No, wait, wrong blog…

An 85-year-old woman walks into an outpatient swallowing clinic for dysphagia treatment (to get help for her difficulty swallowing). After her clinical dysphagia evaluation, she comes out with a folder full of dietary suggestions, swallow strategies, tongue exercises, and swallowing exercises. She faithfully performs her exercise drill every morning and evening, laughing at herself making faces in the mirror. She tries to hold her tongue out while she is effortfully swallowing saliva (i.e., Masako/Tongue-Hold, Fujiu, M., & Logemann, J. A., 1996). She can only do two repetitions as her mouth is so dry.

She wonders how these are going to help her swallow better. During meals, she does as she was told, tucking her chin and effortfully swallowing two times after every bite of food. However, she still is bothered by that lump-in-the-throat sensation and the feeling of food stuck. Liquid comes back up on her when she tries to wash foods down. She can only eat a small amount before the food feels like it is coming back up into her throat. Most concerning to her, she is still losing weight. She wonders: “What am I doing wrong?”

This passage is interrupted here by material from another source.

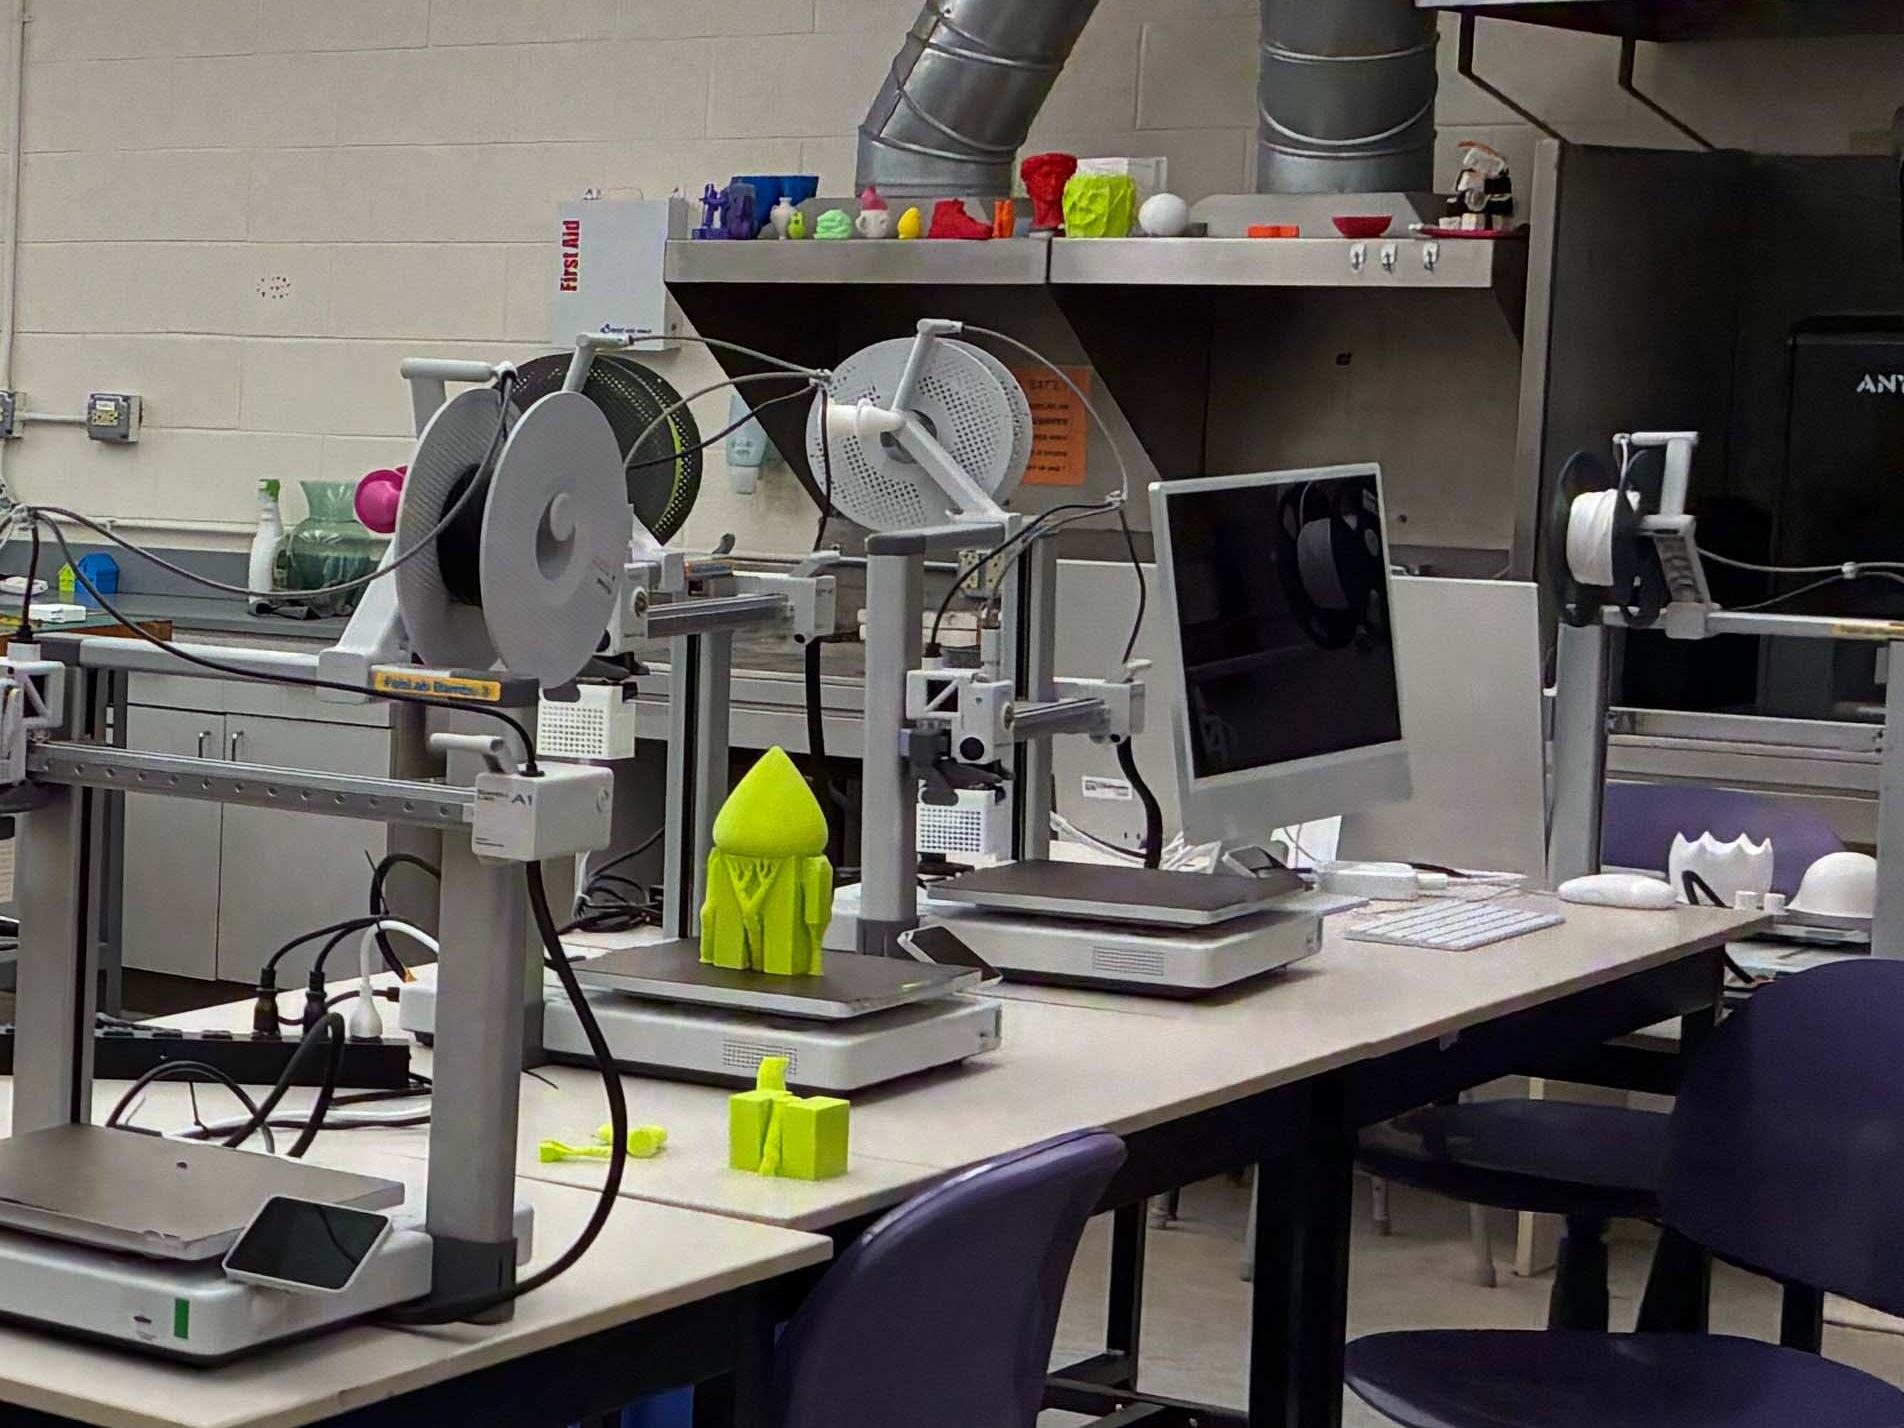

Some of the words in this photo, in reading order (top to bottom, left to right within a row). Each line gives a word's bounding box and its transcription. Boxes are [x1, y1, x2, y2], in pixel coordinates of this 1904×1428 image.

[562, 220, 580, 249] Aid
[560, 252, 579, 291] First
[511, 793, 533, 807] A1

We need to ask: “What are WE doing wrong?”

We need to “have the right pile of background information,” and “start with a good and accurate diagnosis,” per Dr James Coyle, PhD, CCC-SLP, BCS-S (Coyle, 2014, April).

This case is a perfect example of why the swallowing specialist needs a complete understanding of a patient’s swallowing physiology before prescribing swallowing maneuvers and exercises and developing an overall dysphagia treatment plan.

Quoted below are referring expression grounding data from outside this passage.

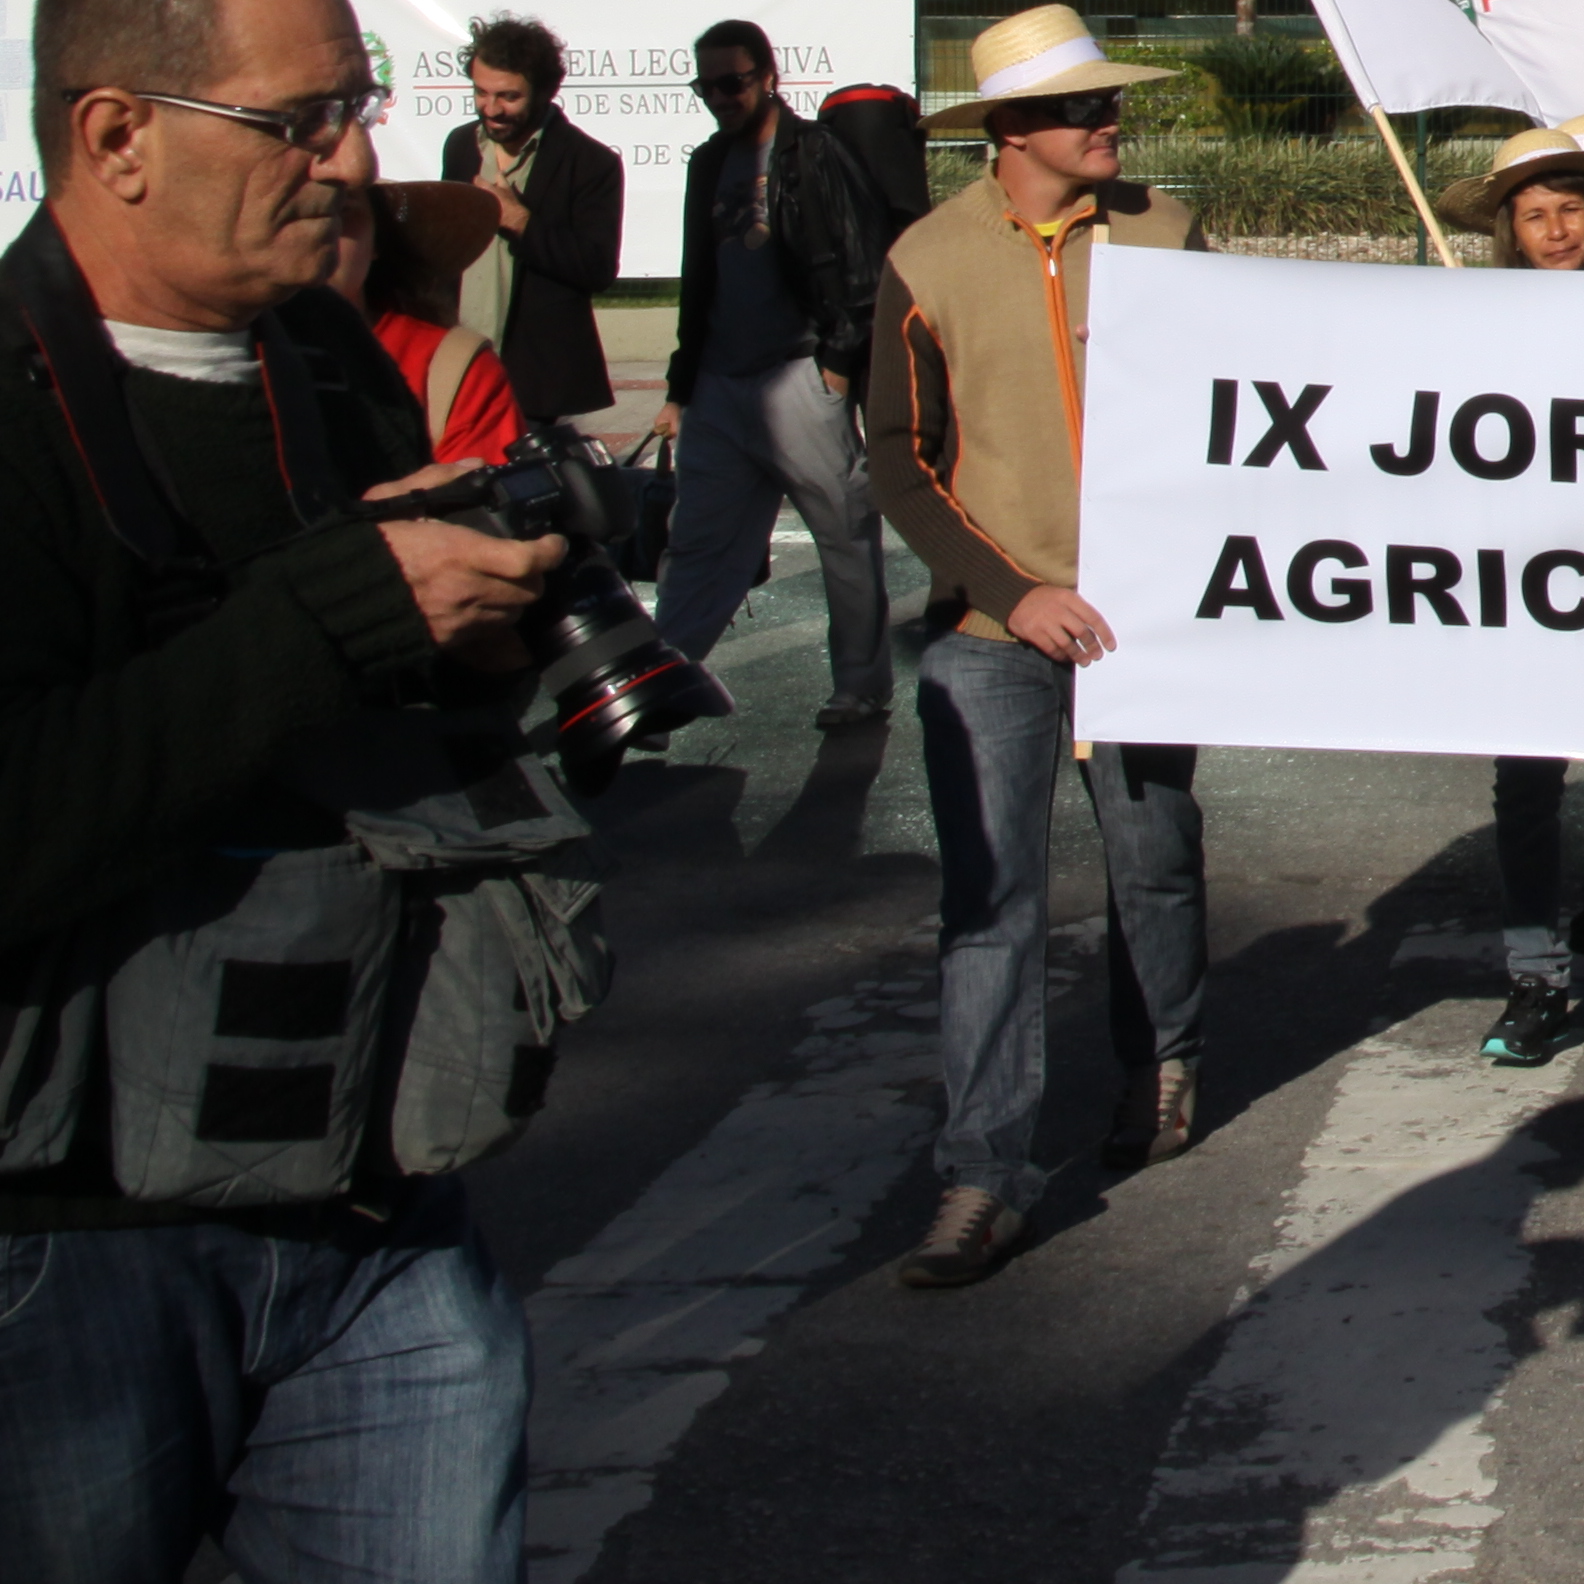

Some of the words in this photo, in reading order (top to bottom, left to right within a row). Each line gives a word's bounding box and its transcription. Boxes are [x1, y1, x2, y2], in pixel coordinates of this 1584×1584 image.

[413, 49, 624, 78] ASSEIA
[629, 46, 835, 77] LEGIVA
[416, 95, 452, 117] DO
[576, 94, 611, 115] DE
[619, 92, 702, 115] SANTA
[633, 145, 672, 166] DE
[1205, 378, 1335, 472] IX

If we miss the underlying cause for the difficulty swallowing, “we treat a symptom and not its cause,” per Coyle (2014, April).

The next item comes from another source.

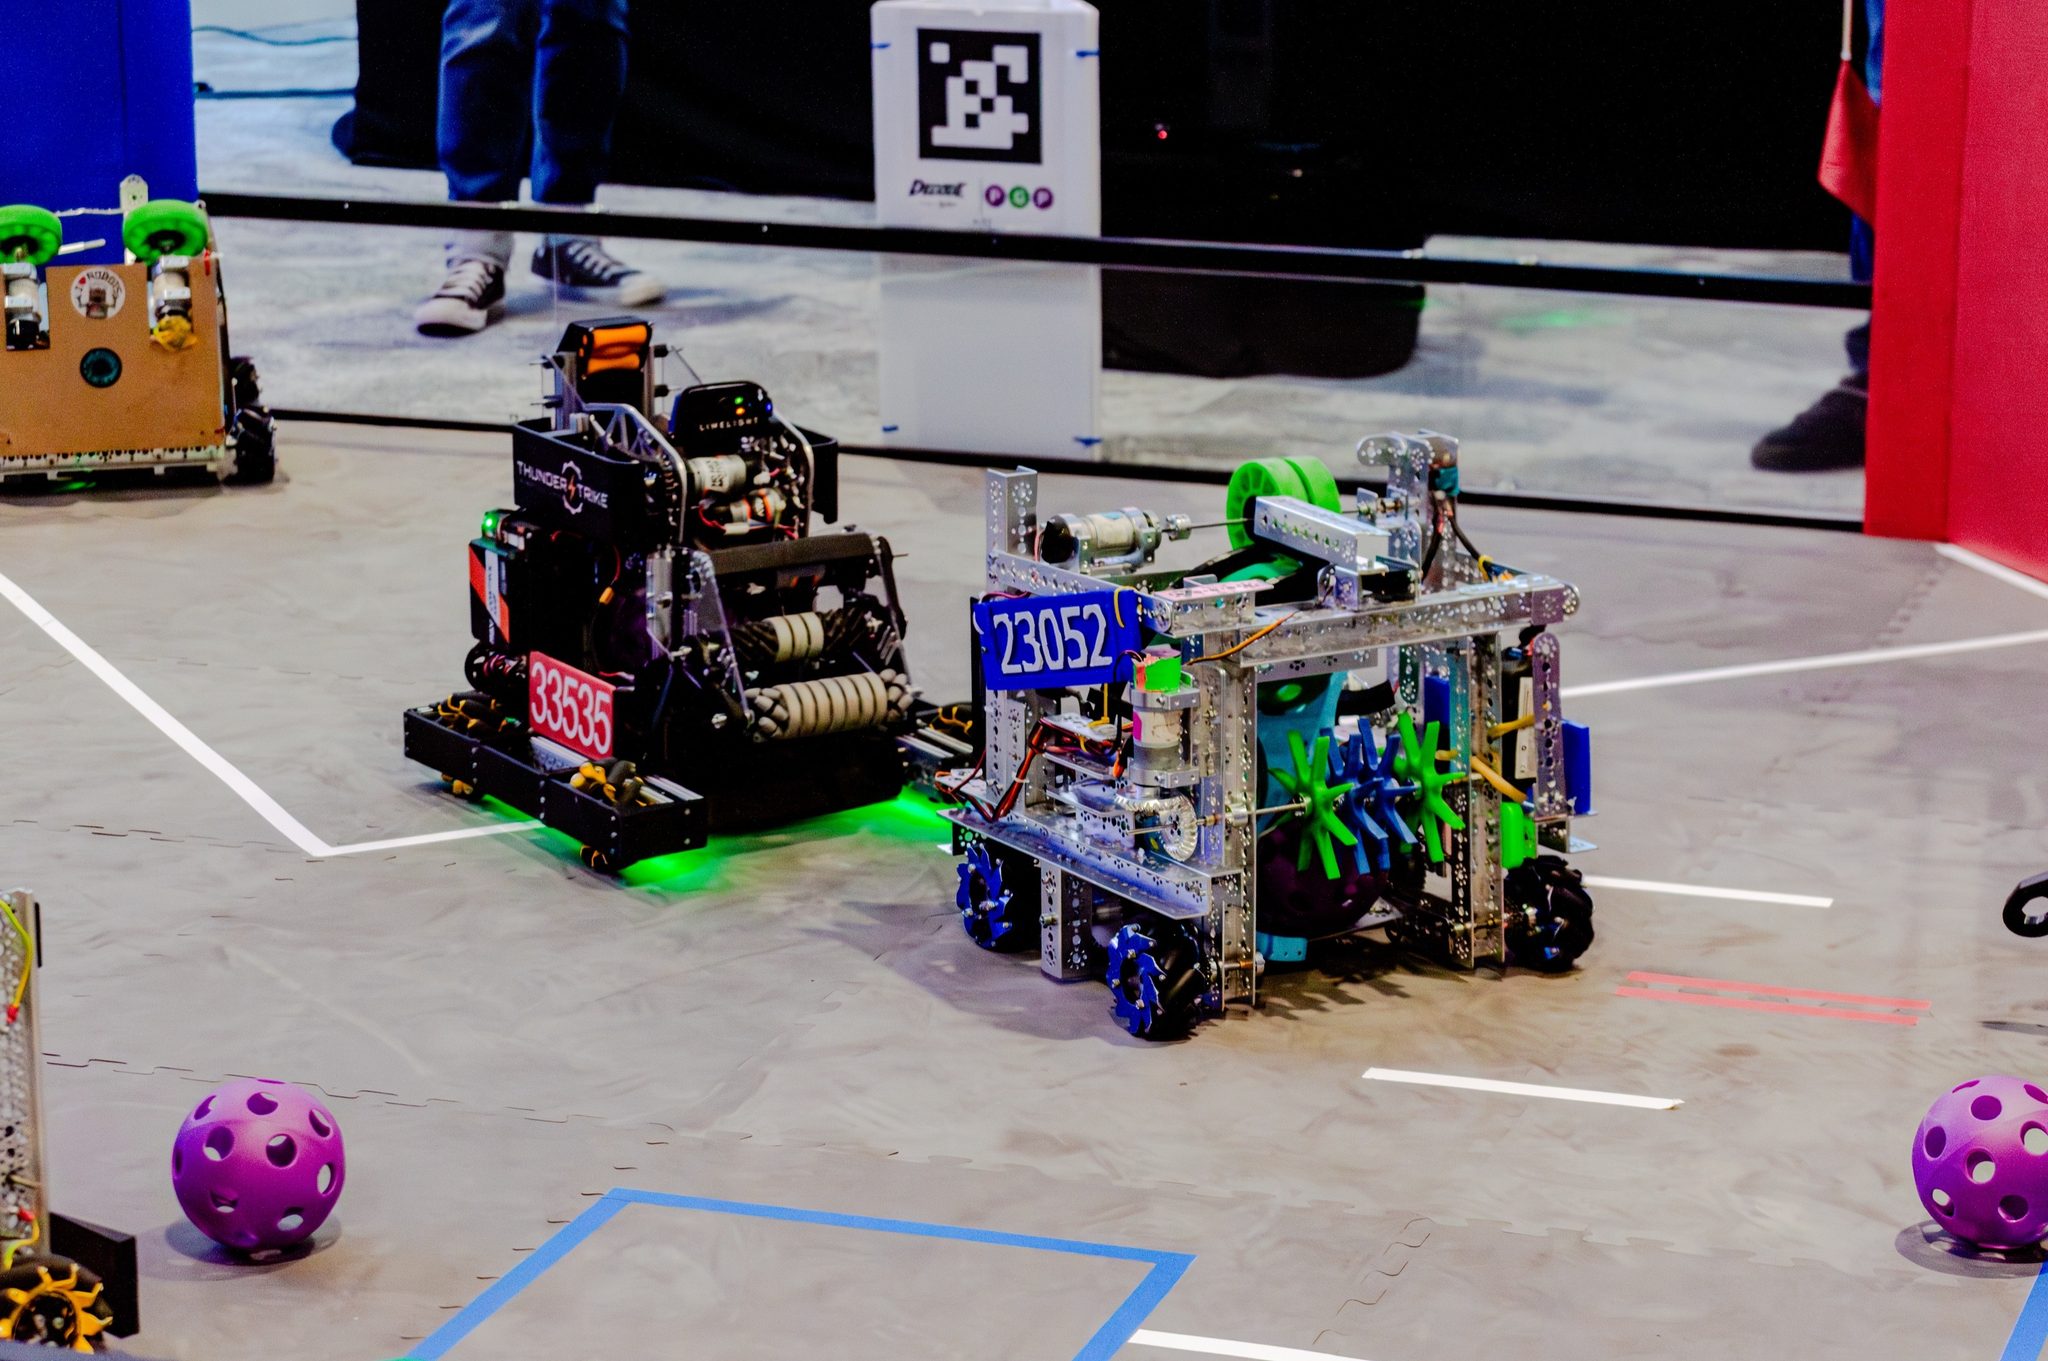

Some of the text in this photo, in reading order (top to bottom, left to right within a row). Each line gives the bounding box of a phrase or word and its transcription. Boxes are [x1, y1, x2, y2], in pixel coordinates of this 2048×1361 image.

This point was stressed multiple times at this year’s Dysphagia Research Society 23rd Annual Meeting, March 12-14, 2015, Chicago, IL (#DRS2015). Dysphagia is not a disease in-and-of-itself; dysphagia is a symptom of underlying problems across many systems. We, as deglutologists, need to find the underlying issues that cause the swallowing dysfunction. This requires a multidisciplinary approach. As stated by the 2014-2015 president of the Dysphagia Research Society, Dr Kulwinder Dua, MD, during the opening of our 2015 annual meeting, “If there is no cross-talk (among the subspecialties), we are working in isolation and that is a disaster.” 600,000 people die every year due to complications from dysphagia, per Dua; more than from liver disease, kidney disease and HIV combined, and similar to that of diabetes.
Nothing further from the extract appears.